- Task objective
The data below should be restated word for word, pictures omitted.

= Beginning of Section =

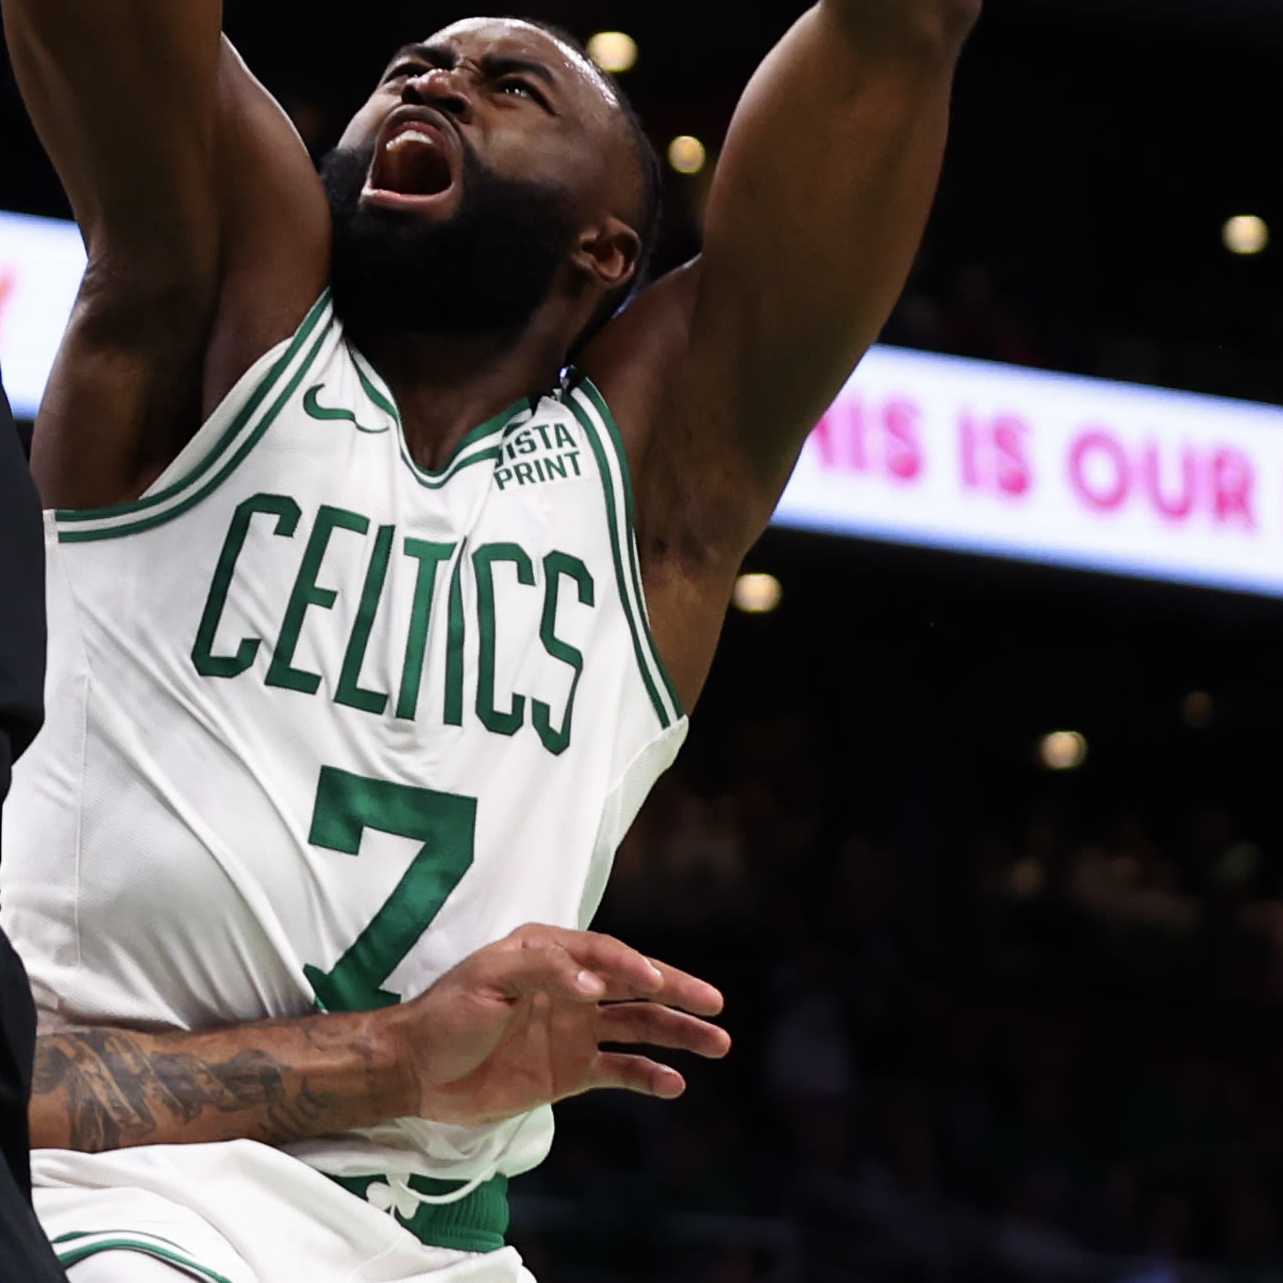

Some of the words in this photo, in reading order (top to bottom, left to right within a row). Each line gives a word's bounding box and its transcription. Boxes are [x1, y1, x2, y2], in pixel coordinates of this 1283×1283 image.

[494, 450, 582, 491] PRINT
[959, 416, 1034, 502] IS
[1066, 429, 1257, 529] OUR
[191, 492, 595, 757] CELTICS
[303, 765, 478, 1013] 7

= End of Section =

- Result below
Some of the words in this photo, in reading order (top to bottom, left to right within a row). Each line gives a word's bounding box and its transcription. Boxes are [x1, y1, x2, y2], in pixel coordinates of this 1283×1283 image.

[494, 450, 582, 491] PRINT
[959, 416, 1034, 502] IS
[1066, 429, 1257, 529] OUR
[191, 492, 595, 757] CELTICS
[303, 765, 478, 1013] 7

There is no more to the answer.